§ **Records provided**
((

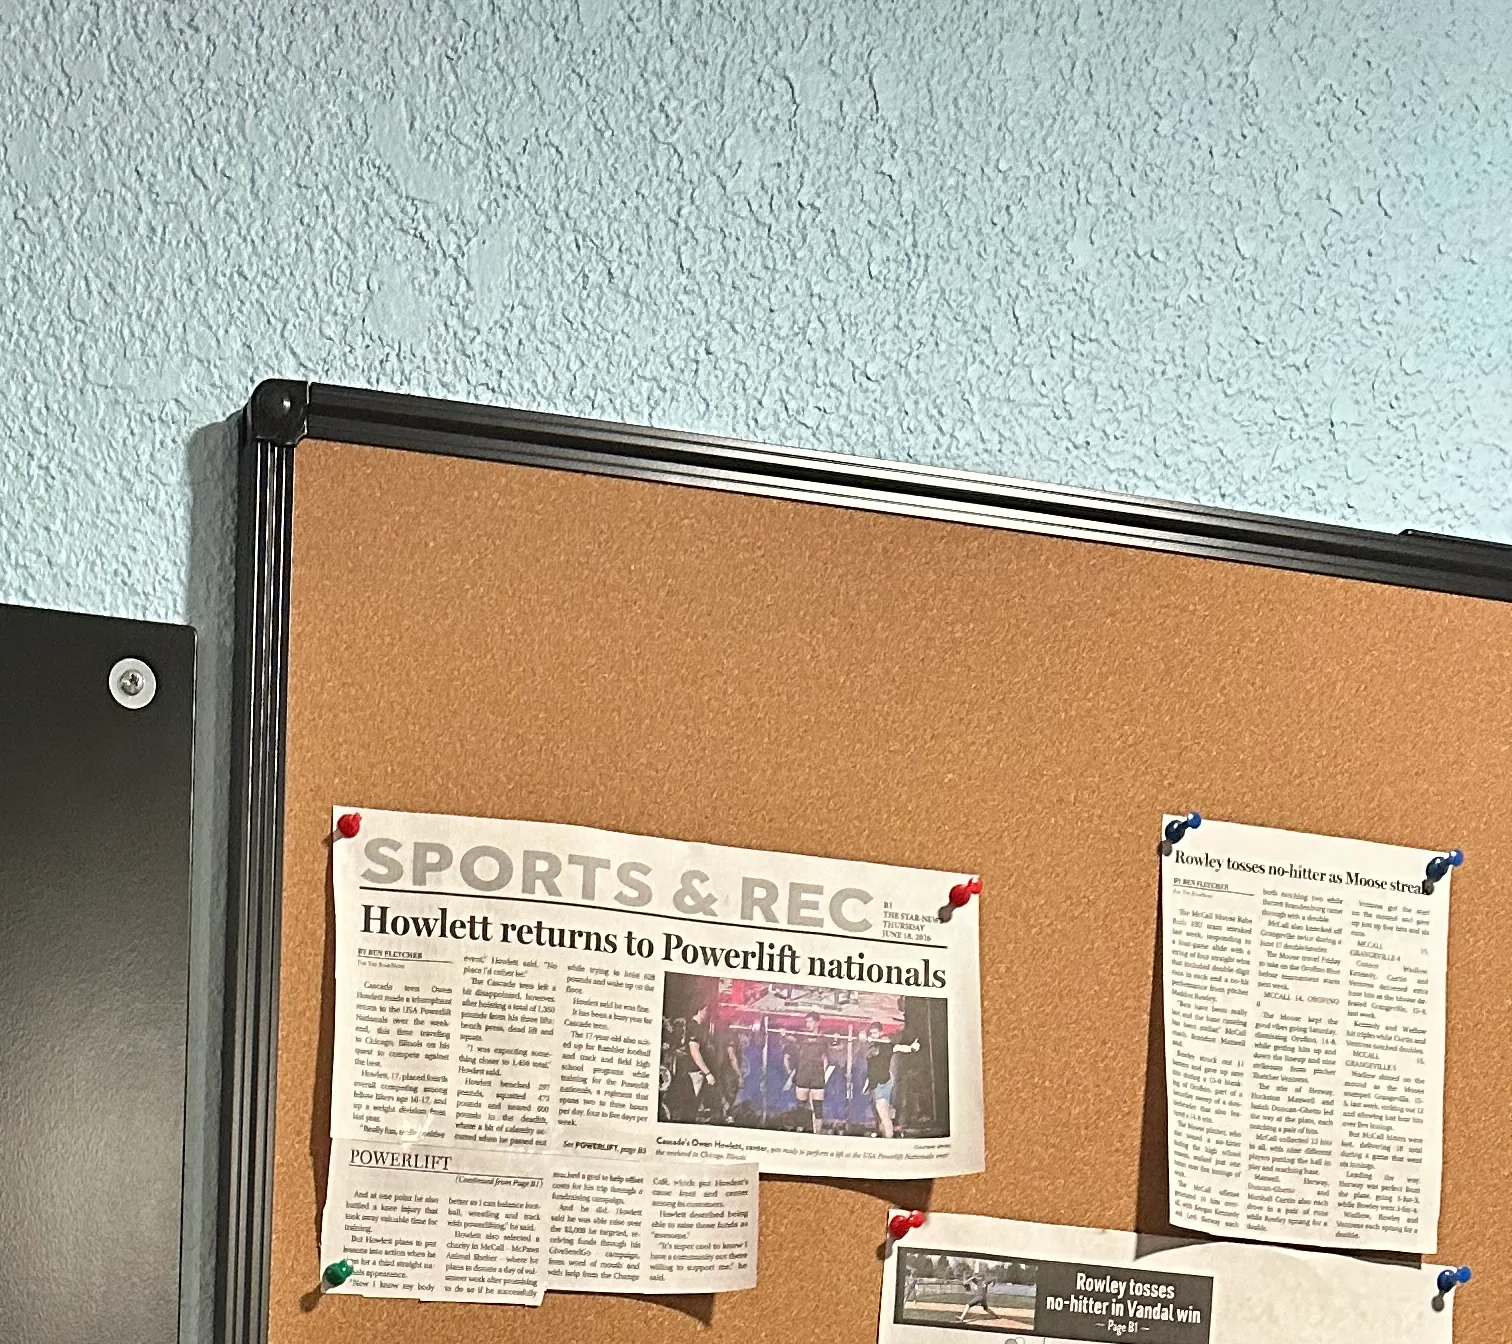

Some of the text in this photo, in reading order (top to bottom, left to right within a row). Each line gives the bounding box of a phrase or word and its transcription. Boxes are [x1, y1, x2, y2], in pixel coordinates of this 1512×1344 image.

[1175, 849, 1222, 873] Rowley
[1227, 857, 1265, 875] tosses
[1269, 864, 1326, 882] no-hitter
[1329, 873, 1343, 884] as
[1345, 871, 1388, 890] Moose
[359, 836, 874, 932] SPORTS & REC
[883, 911, 899, 919] THE
[360, 904, 947, 989] Howlett returns to Powerlift nationals
[692, 1137, 713, 1148] Owen
[350, 1149, 453, 1171] POWERLIFT
[1075, 1272, 1175, 1299] Rowley tosses
[1046, 1295, 1201, 1324] no-hitter in Vandal win
[1107, 1320, 1139, 1336] Page B1

))

An exact copy of every entry, without pictures, should be your output.

§ **Your response**
Some of the text in this photo, in reading order (top to bottom, left to right within a row). Each line gives the bounding box of a phrase or word and its transcription. Boxes are [x1, y1, x2, y2], in pixel coordinates of this 1512×1344 image.

[1175, 849, 1222, 873] Rowley
[1227, 857, 1265, 875] tosses
[1269, 864, 1326, 882] no-hitter
[1329, 873, 1343, 884] as
[1345, 871, 1388, 890] Moose
[359, 836, 874, 932] SPORTS & REC
[883, 911, 899, 919] THE
[360, 904, 947, 989] Howlett returns to Powerlift nationals
[692, 1137, 713, 1148] Owen
[350, 1149, 453, 1171] POWERLIFT
[1075, 1272, 1175, 1299] Rowley tosses
[1046, 1295, 1201, 1324] no-hitter in Vandal win
[1107, 1320, 1139, 1336] Page B1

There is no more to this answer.